Applications of plasmonic oligomers, metamaterials, and nanoantennas
Harald Giessen
4th Physics Institute, University of Stuttgart, Pfaffenwaldring 57, D-70569 Stuttgart, Germany
Email: giessen@physik.uni-stuttgart.de
We present an overview of 2D and 3D plasmonic oligomers [1], metamaterials, and nanoantennas
which are utilized for different purposes. Stacked 3D metamaterials can be used as perfect absorbers,
which give angle and polarization independent absorption beyond 90% in the visible and near-infrared
region [2]. Utilizing transition metals as well as plasmonic induced transparency schemes [3], the
application of sensors for liquids and gases becomes feasible [4]. Cavity enhancement allows for
tailoring the spectral resonances of plasmonic systems and results in very high figures of merit for the
sensor schemes [5,6]. Arranging plasmonic substructures in 3D geometries, chirality can result as
optical property [7]. Using this method allows for the construction of novel broadband circular
polarizers with large angle acceptance angles.

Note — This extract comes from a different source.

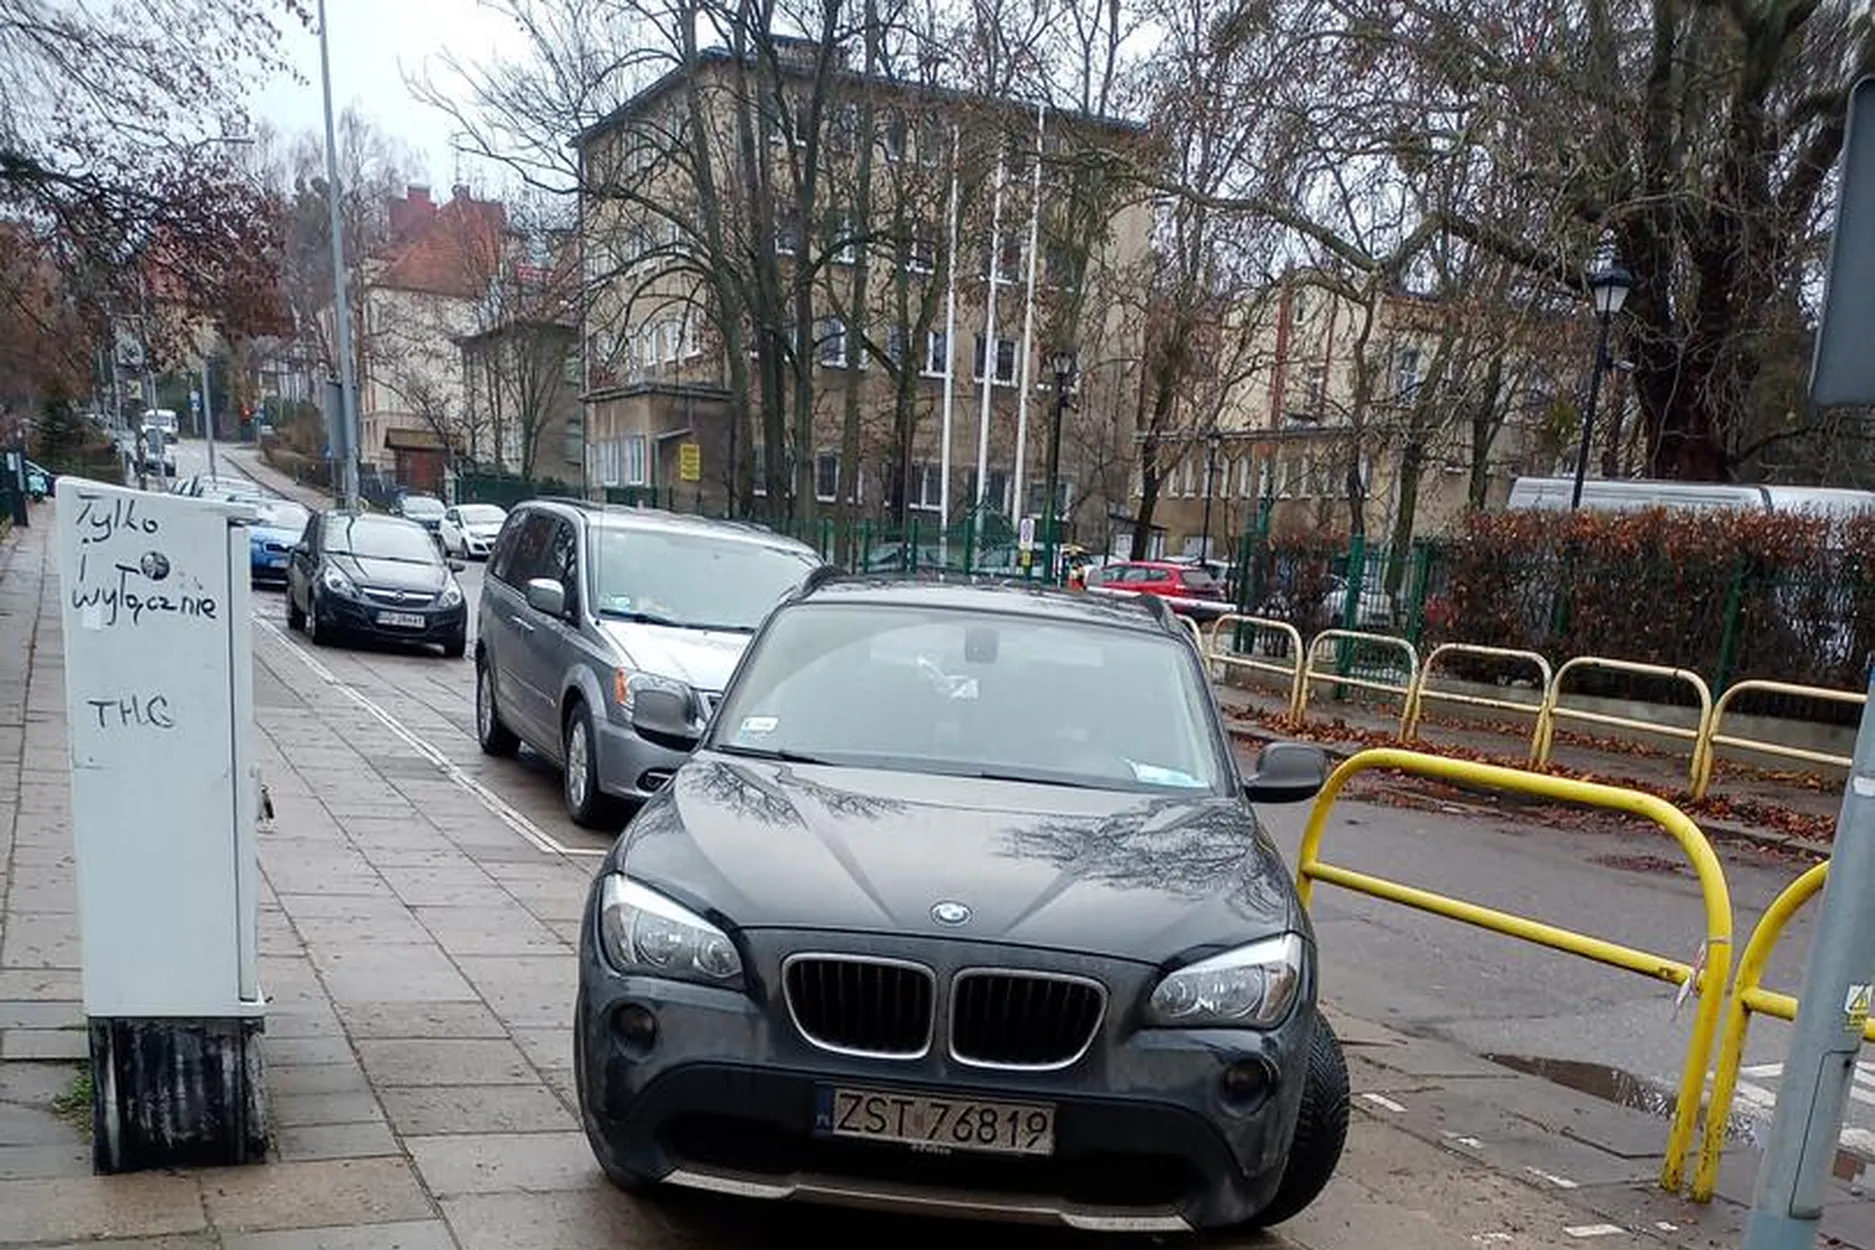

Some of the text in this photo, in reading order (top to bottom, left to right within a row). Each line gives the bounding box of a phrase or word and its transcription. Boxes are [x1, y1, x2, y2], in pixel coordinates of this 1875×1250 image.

[76, 494, 159, 542] Tylko
[79, 536, 90, 583] i
[836, 1093, 1048, 1148] ZST 76819

Nanoantennas can aid the sensing and nonlinear
properties of plasmonic nanostructures as well. We are going to discuss applications in this area as
well.
References
[1] Transition from isolated to collective modes in plasmonic oligomers
M. Hentschel, M. Saliba, R. Vogelgesang, H. Giessen, A. P. Alivisatos, and N. Liu
Nano Lett. 10, 2721 (2010).
[2] Infrared perfect absorber and its application as plasmonic sensor
N. Liu, M. Mesch, T. Weiss, M. Hentschel, and H. Giessen
Nano Lett. 10, 2342 (2010).
[3] Planar metamaterial analog of electromagnetically induced transparency for plasmonic sensing
N. Liu, T. Weiss, M. Mesch, L. Langguth, U. Eigenthaler, M. Hirscher, C. Sönnichsen, and H. Giessen
Nano Lett. 10, 1103 (2010).
[4] Hydrogen sensor based on metallic photonic crystal slabs
D. Nau, A. Seidel, R.B. Orzekowsky, S.-H. Lee, S. Deb, and H. Giessen
Opt. Lett. 35, 3150 (2010).
[5] Cavity plasmonics: Large normal mode splitting of electric and magnetic particle plasmons induced by a photonic microcavity
R. Ameling and H. Giessen
Nano Lett. 10, 4394 (2010).
[6] Cavity-enhanced localized plasmon resonance sensing
R. Ameling, L. Langguth, M. Hentschel, M. Mesch, P. V. Braun, and H. Giessen
Appl. Phys. Lett. 97, 253116 (2011).
[7] Coupling effects in optical metamaterials
N. Liu and H. Giessen
Angew. Chemie Int. Ed. 49, 9838 (2010).